Work instructions:
Return an exact transcript of the material below from the line containing "this 2000×1334 image." through its final line, and no other lines.

Input START

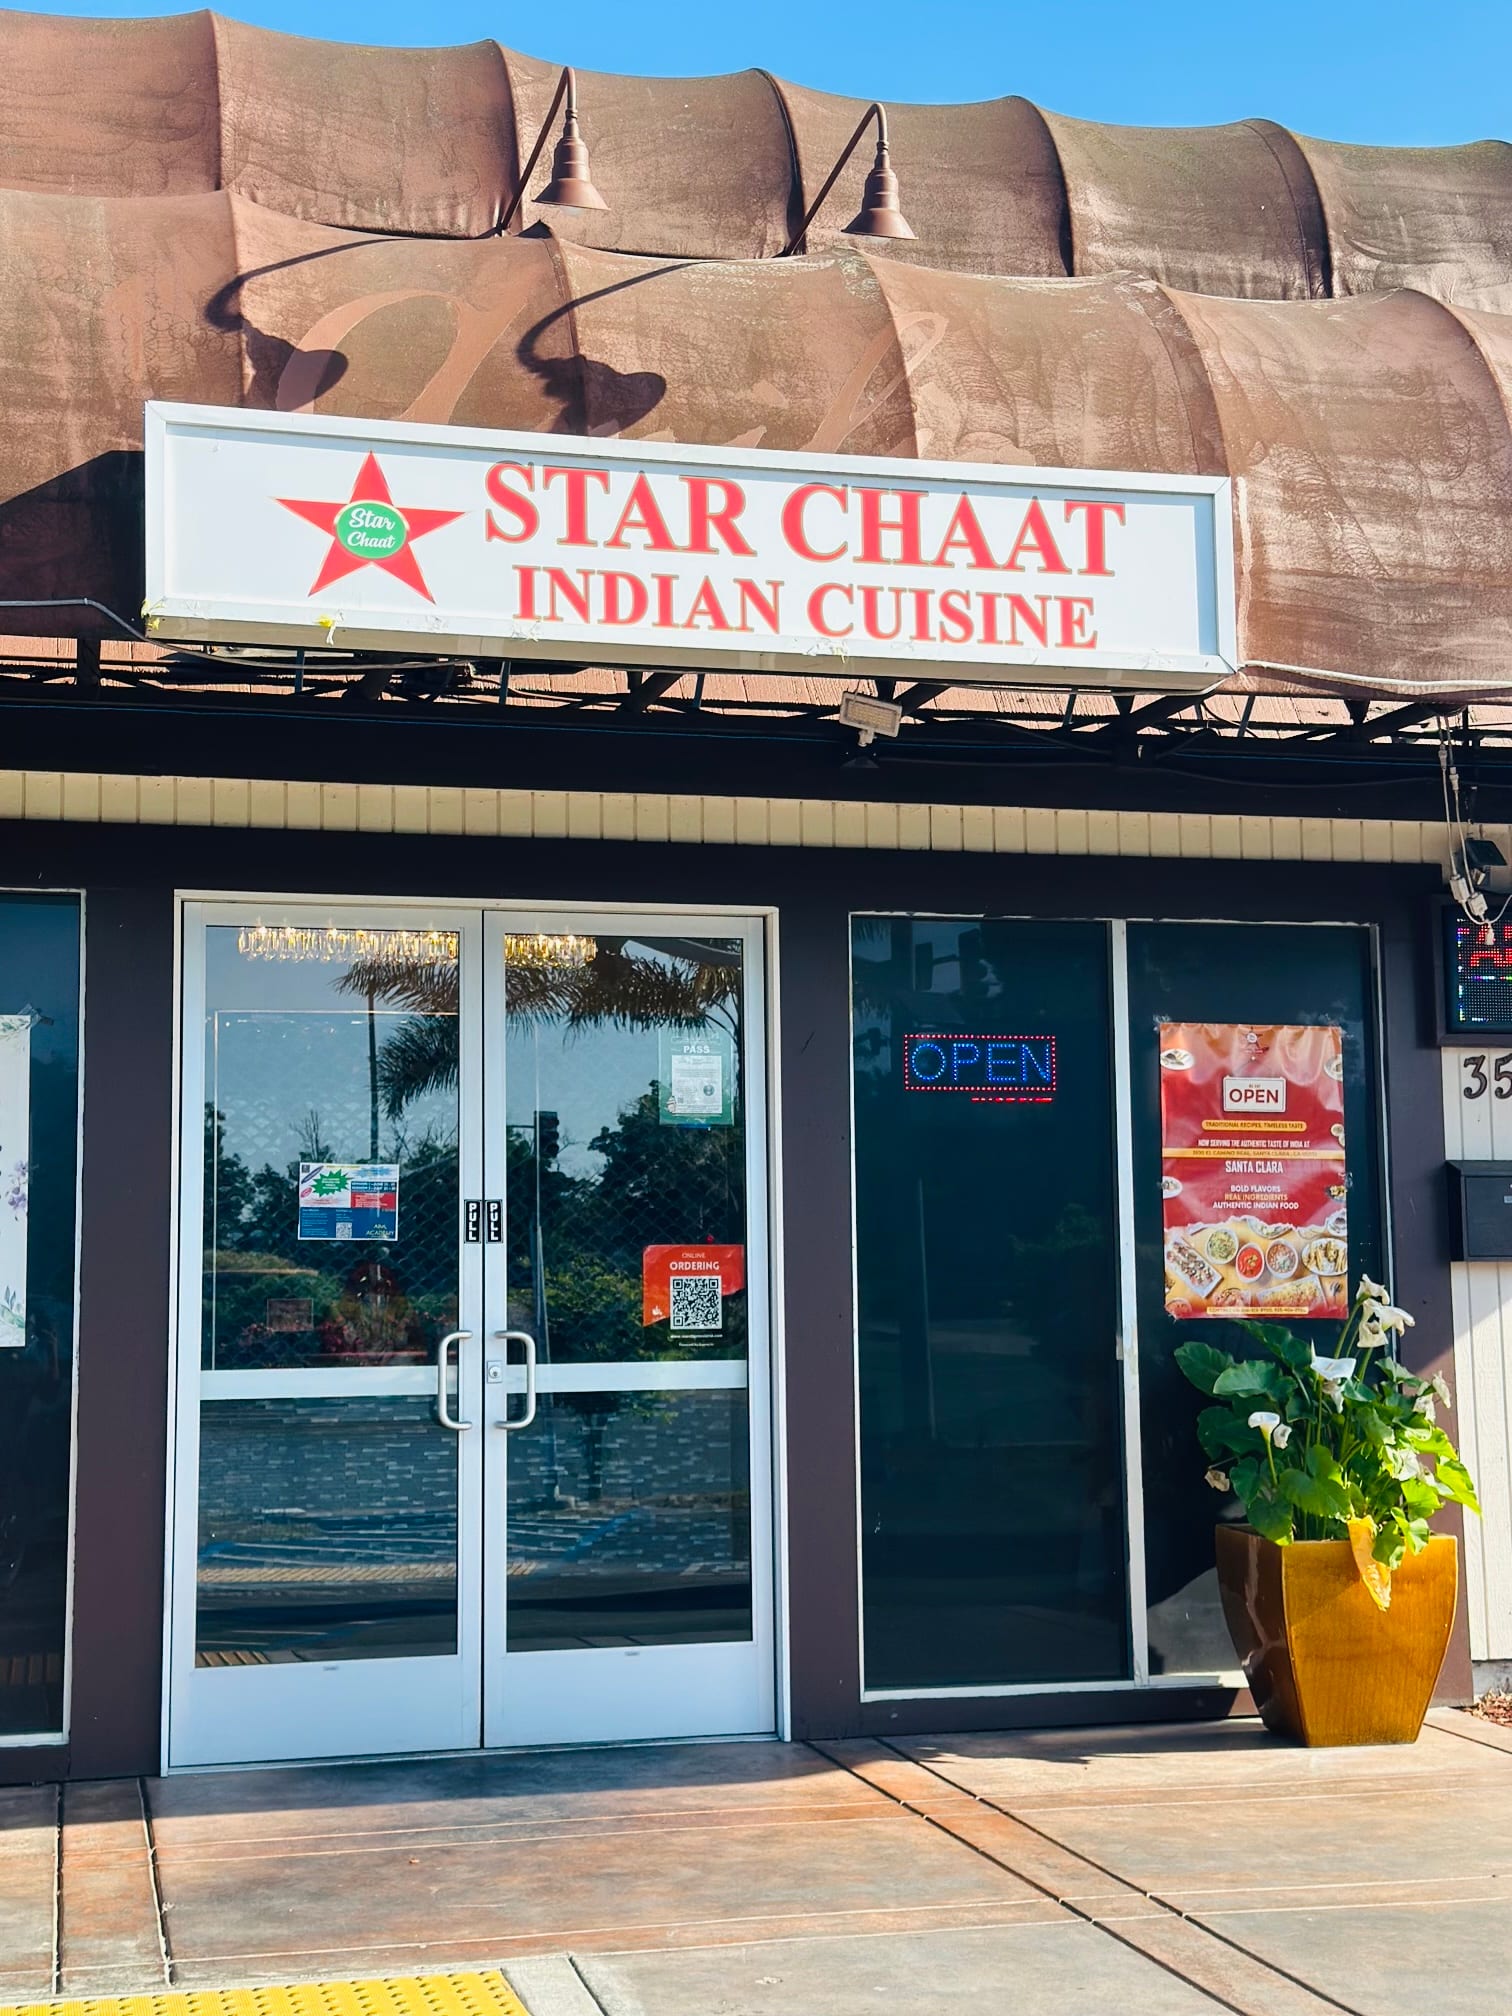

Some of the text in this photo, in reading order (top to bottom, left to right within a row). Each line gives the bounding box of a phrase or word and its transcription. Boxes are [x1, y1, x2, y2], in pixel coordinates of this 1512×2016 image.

[348, 507, 396, 532] Star
[484, 460, 1126, 577] STAR CHAAT
[346, 530, 396, 550] Chaat
[512, 564, 1098, 650] INDIAN CUISINE
[683, 1045, 711, 1054] PASS
[911, 1042, 1051, 1082] OPEN
[1228, 1088, 1279, 1104] OPEN
[1210, 1139, 1231, 1147] SERVING
[1231, 1139, 1240, 1148] THE
[1240, 1140, 1266, 1148] AUTHENTIC
[1267, 1140, 1281, 1148] TASTE
[1282, 1140, 1289, 1148] OF
[1225, 1160, 1283, 1174] SANTA CLARA
[1230, 1185, 1280, 1193] BOLD FLAVORS
[1213, 1201, 1252, 1209] AUTHENTIC
[1280, 1202, 1299, 1210] FOOD
[468, 1202, 477, 1241] PULL
[490, 1202, 499, 1241] PULL
[669, 1261, 720, 1271] ORDERING
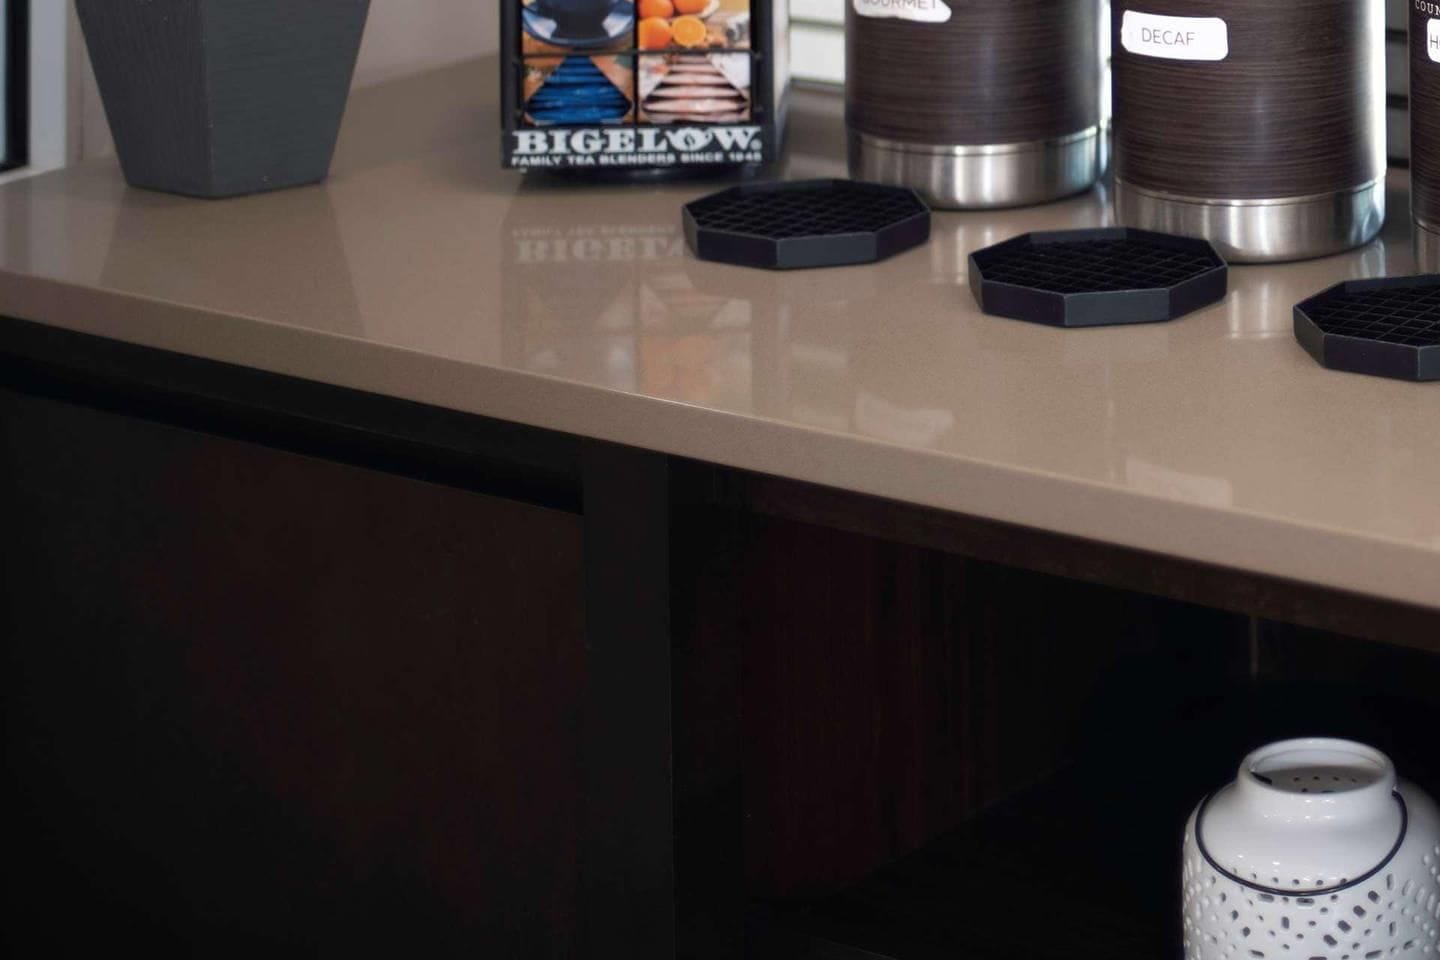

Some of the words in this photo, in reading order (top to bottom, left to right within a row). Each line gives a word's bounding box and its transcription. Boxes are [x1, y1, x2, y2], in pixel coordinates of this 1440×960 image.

[1141, 26, 1196, 47] DECAF
[511, 154, 561, 167] FAMILY
[567, 154, 595, 166] TEA
[599, 153, 676, 165] BLENDERS
[681, 152, 724, 164] SINCE
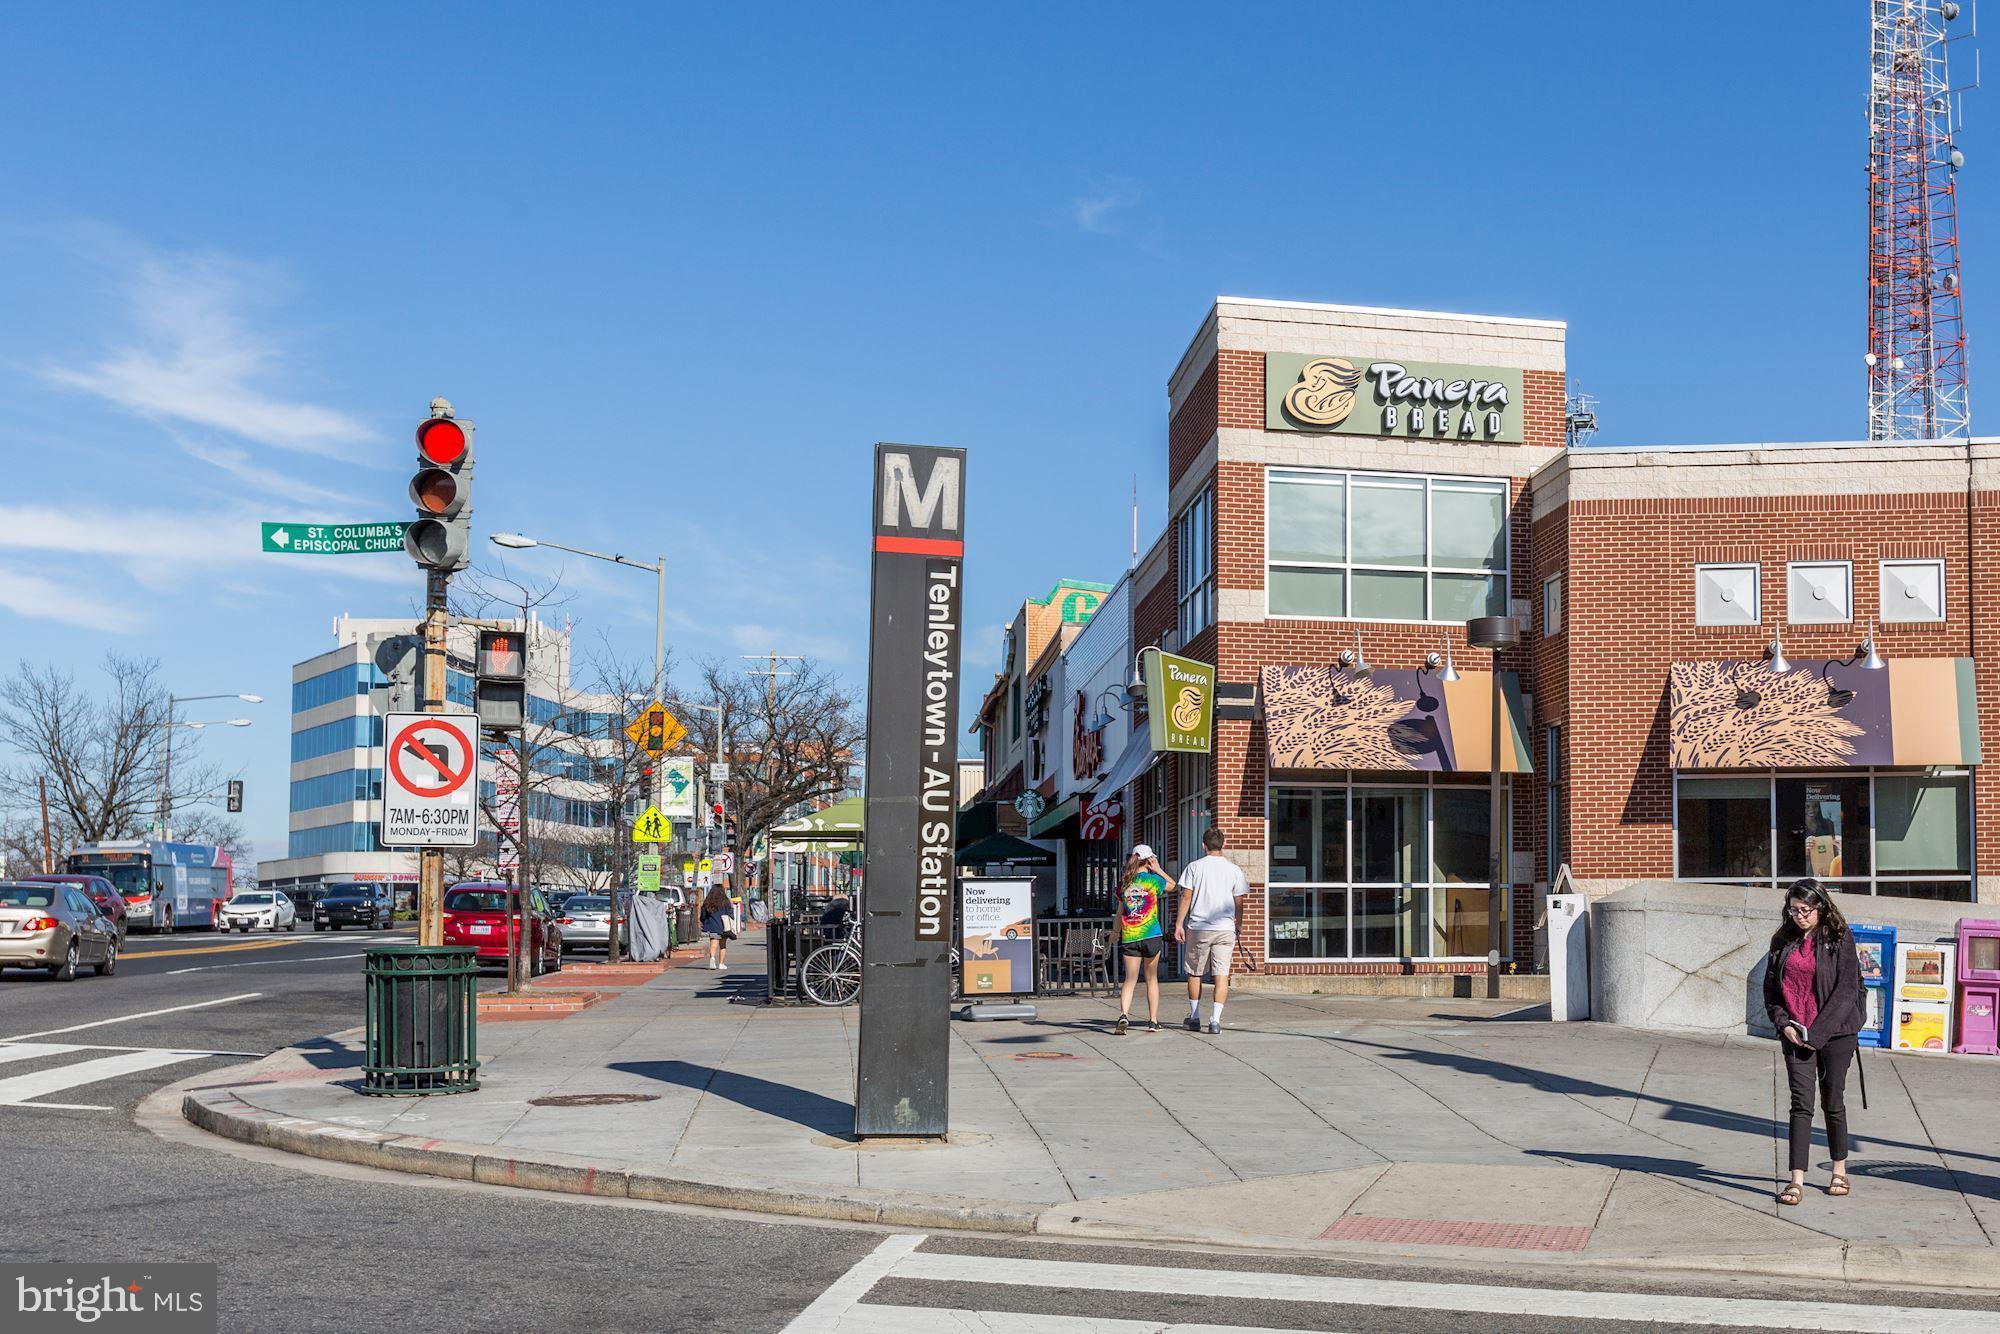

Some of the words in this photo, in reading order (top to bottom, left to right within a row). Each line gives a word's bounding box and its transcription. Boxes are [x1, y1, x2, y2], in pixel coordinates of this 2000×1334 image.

[1368, 362, 1509, 405] Panera
[1384, 405, 1501, 435] BREAD
[882, 452, 960, 531] M
[308, 526, 328, 539] ST.
[334, 525, 403, 539] COLUMBA'S
[293, 538, 361, 552] EPISCOPAL
[364, 537, 405, 550] CHURC
[923, 565, 957, 746] Tenleytown
[1168, 664, 1208, 686] Panera
[1171, 732, 1206, 748] BREAD
[921, 766, 950, 812] AU
[1806, 793, 1841, 801] Delivering
[389, 808, 469, 825] 7AM-6:30PM
[389, 827, 469, 837] MONDAY-FRIDAY
[919, 821, 950, 936] Station
[965, 887, 986, 896] Now
[965, 896, 1011, 906] delivering
[965, 905, 974, 913] to
[976, 905, 1001, 913] home
[965, 914, 974, 922] or

Input END

Task result:
Some of the words in this photo, in reading order (top to bottom, left to right within a row). Each line gives a word's bounding box and its transcription. Boxes are [x1, y1, x2, y2], in pixel coordinates of this 2000×1334 image.

[1368, 362, 1509, 405] Panera
[1384, 405, 1501, 435] BREAD
[882, 452, 960, 531] M
[308, 526, 328, 539] ST.
[334, 525, 403, 539] COLUMBA'S
[293, 538, 361, 552] EPISCOPAL
[364, 537, 405, 550] CHURC
[923, 565, 957, 746] Tenleytown
[1168, 664, 1208, 686] Panera
[1171, 732, 1206, 748] BREAD
[921, 766, 950, 812] AU
[1806, 793, 1841, 801] Delivering
[389, 808, 469, 825] 7AM-6:30PM
[389, 827, 469, 837] MONDAY-FRIDAY
[919, 821, 950, 936] Station
[965, 887, 986, 896] Now
[965, 896, 1011, 906] delivering
[965, 905, 974, 913] to
[976, 905, 1001, 913] home
[965, 914, 974, 922] or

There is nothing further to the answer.